[GIVEN DATA — start]
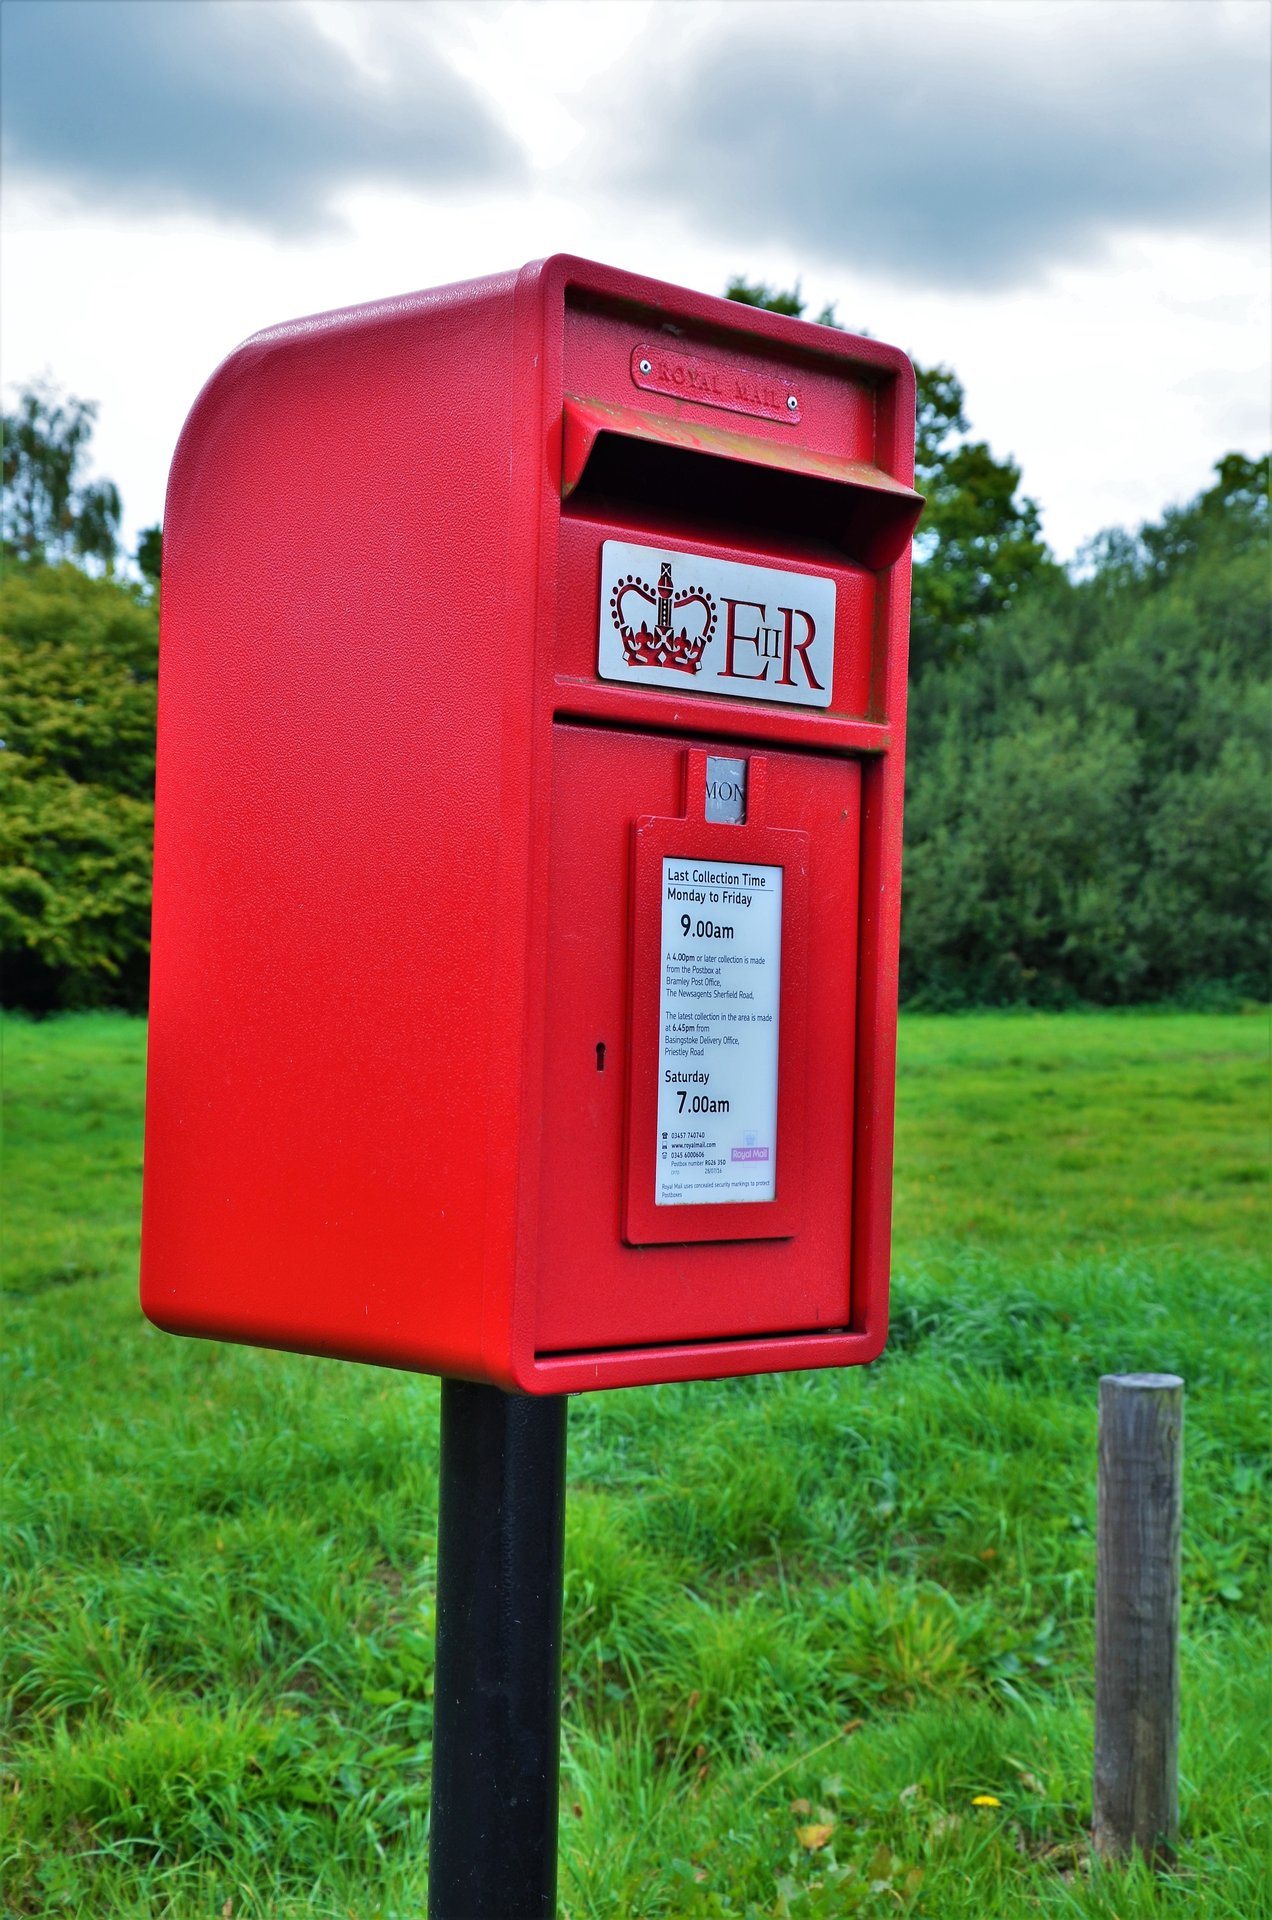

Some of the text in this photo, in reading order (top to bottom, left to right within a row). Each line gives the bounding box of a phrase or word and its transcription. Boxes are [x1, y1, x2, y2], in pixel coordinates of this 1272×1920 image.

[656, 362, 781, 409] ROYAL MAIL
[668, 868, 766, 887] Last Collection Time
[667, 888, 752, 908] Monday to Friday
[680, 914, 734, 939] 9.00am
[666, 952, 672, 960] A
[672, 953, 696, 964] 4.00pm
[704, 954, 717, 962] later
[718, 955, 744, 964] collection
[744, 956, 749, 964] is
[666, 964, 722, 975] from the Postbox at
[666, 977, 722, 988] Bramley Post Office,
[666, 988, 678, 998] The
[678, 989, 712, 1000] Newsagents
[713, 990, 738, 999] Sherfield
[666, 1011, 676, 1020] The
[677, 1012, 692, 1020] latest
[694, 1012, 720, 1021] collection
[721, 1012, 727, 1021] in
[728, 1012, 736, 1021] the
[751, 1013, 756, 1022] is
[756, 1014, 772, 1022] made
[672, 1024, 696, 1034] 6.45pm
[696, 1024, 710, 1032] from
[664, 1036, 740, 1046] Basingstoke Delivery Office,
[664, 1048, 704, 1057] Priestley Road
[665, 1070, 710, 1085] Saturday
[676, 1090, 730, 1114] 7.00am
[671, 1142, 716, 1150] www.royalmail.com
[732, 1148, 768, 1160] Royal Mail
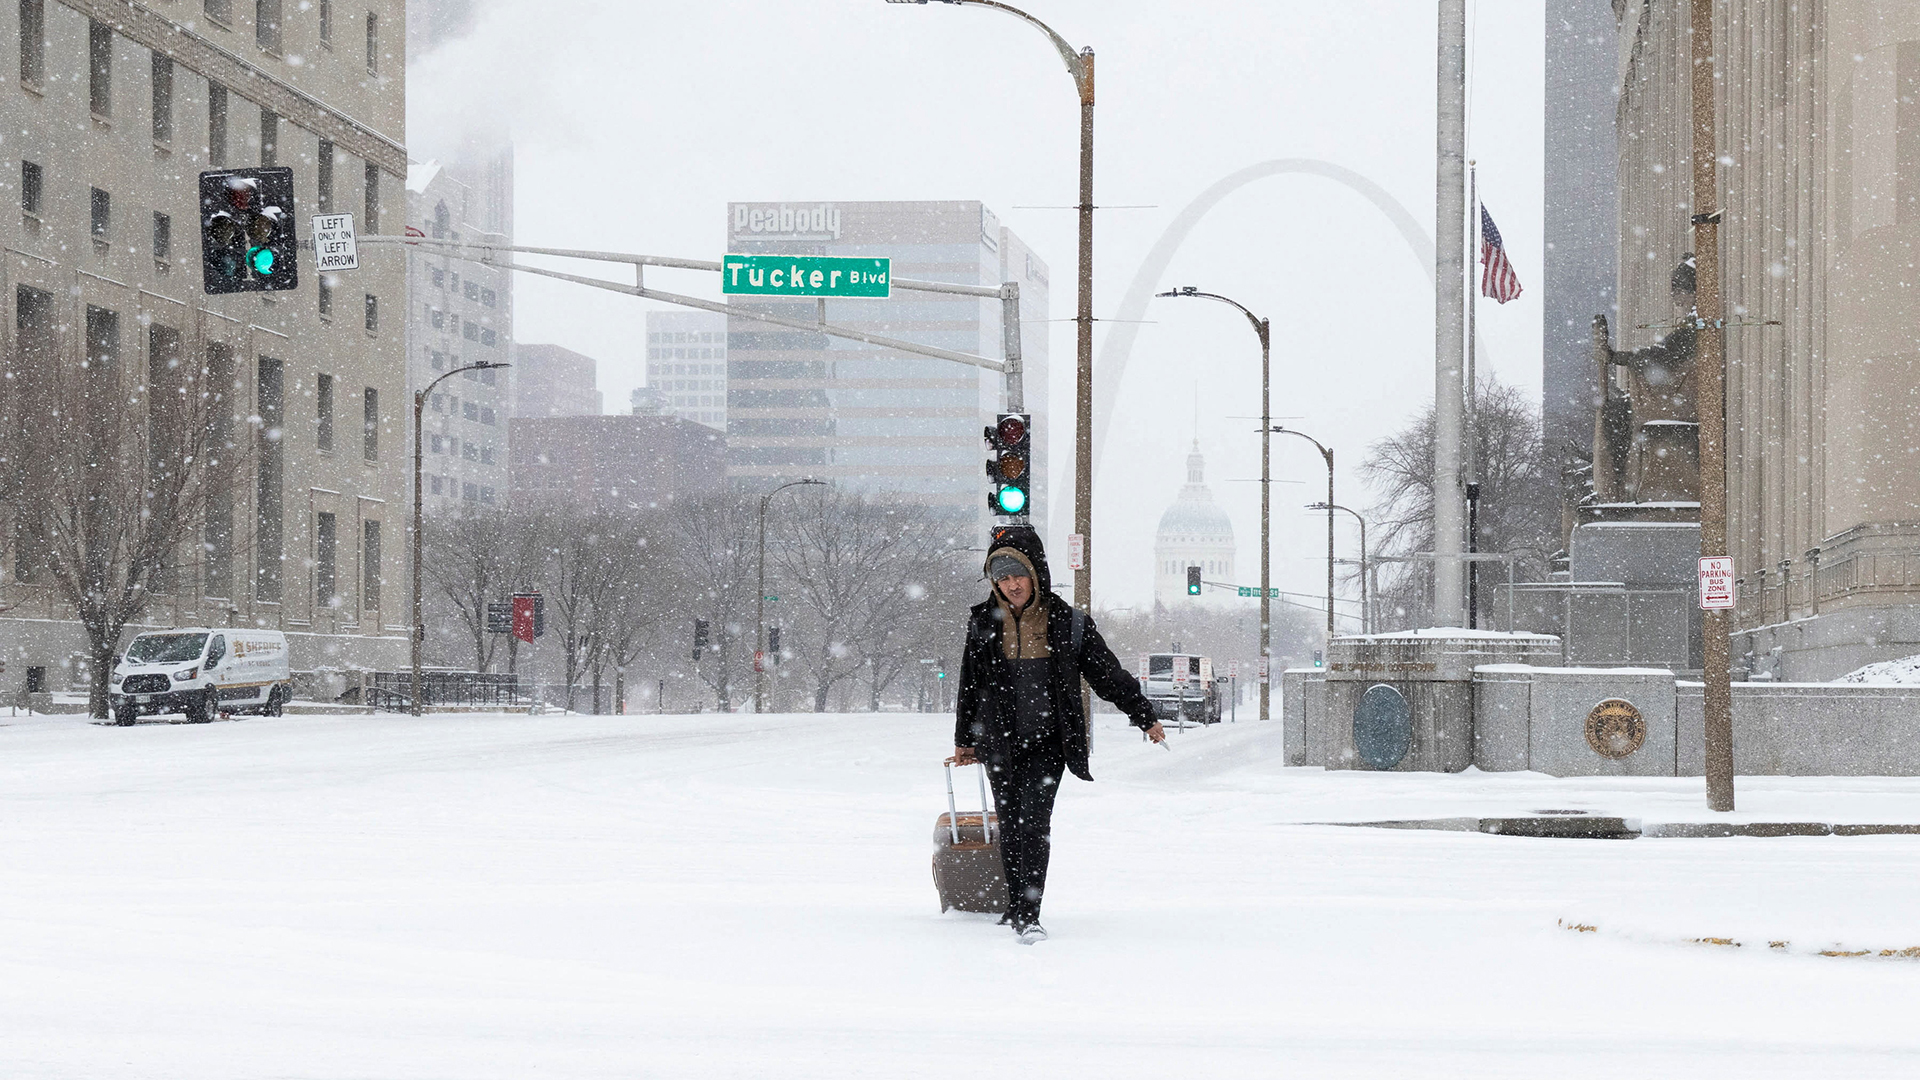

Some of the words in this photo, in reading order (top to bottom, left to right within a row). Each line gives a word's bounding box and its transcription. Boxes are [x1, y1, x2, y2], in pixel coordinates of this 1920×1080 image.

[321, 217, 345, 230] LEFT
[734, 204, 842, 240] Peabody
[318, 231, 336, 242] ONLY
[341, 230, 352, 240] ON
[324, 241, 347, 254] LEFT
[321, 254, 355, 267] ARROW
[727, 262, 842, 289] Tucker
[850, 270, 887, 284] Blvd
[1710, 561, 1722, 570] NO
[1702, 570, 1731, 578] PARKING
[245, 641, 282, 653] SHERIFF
[GIVEN DATA — finish]
EXERCISE BRIEF: Return every entry word for word, leaving the pictures out.

YOUR RESPONSE:
Some of the text in this photo, in reading order (top to bottom, left to right within a row). Each line gives the bounding box of a phrase or word and its transcription. Boxes are [x1, y1, x2, y2], in pixel coordinates of this 1272×1920 image.

[656, 362, 781, 409] ROYAL MAIL
[668, 868, 766, 887] Last Collection Time
[667, 888, 752, 908] Monday to Friday
[680, 914, 734, 939] 9.00am
[666, 952, 672, 960] A
[672, 953, 696, 964] 4.00pm
[704, 954, 717, 962] later
[718, 955, 744, 964] collection
[744, 956, 749, 964] is
[666, 964, 722, 975] from the Postbox at
[666, 977, 722, 988] Bramley Post Office,
[666, 988, 678, 998] The
[678, 989, 712, 1000] Newsagents
[713, 990, 738, 999] Sherfield
[666, 1011, 676, 1020] The
[677, 1012, 692, 1020] latest
[694, 1012, 720, 1021] collection
[721, 1012, 727, 1021] in
[728, 1012, 736, 1021] the
[751, 1013, 756, 1022] is
[756, 1014, 772, 1022] made
[672, 1024, 696, 1034] 6.45pm
[696, 1024, 710, 1032] from
[664, 1036, 740, 1046] Basingstoke Delivery Office,
[664, 1048, 704, 1057] Priestley Road
[665, 1070, 710, 1085] Saturday
[676, 1090, 730, 1114] 7.00am
[671, 1142, 716, 1150] www.royalmail.com
[732, 1148, 768, 1160] Royal Mail

Some of the words in this photo, in reading order (top to bottom, left to right within a row). Each line gives a word's bounding box and its transcription. Boxes are [x1, y1, x2, y2], in pixel coordinates of this 1920×1080 image.

[321, 217, 345, 230] LEFT
[734, 204, 842, 240] Peabody
[318, 231, 336, 242] ONLY
[341, 230, 352, 240] ON
[324, 241, 347, 254] LEFT
[321, 254, 355, 267] ARROW
[727, 262, 842, 289] Tucker
[850, 270, 887, 284] Blvd
[1710, 561, 1722, 570] NO
[1702, 570, 1731, 578] PARKING
[245, 641, 282, 653] SHERIFF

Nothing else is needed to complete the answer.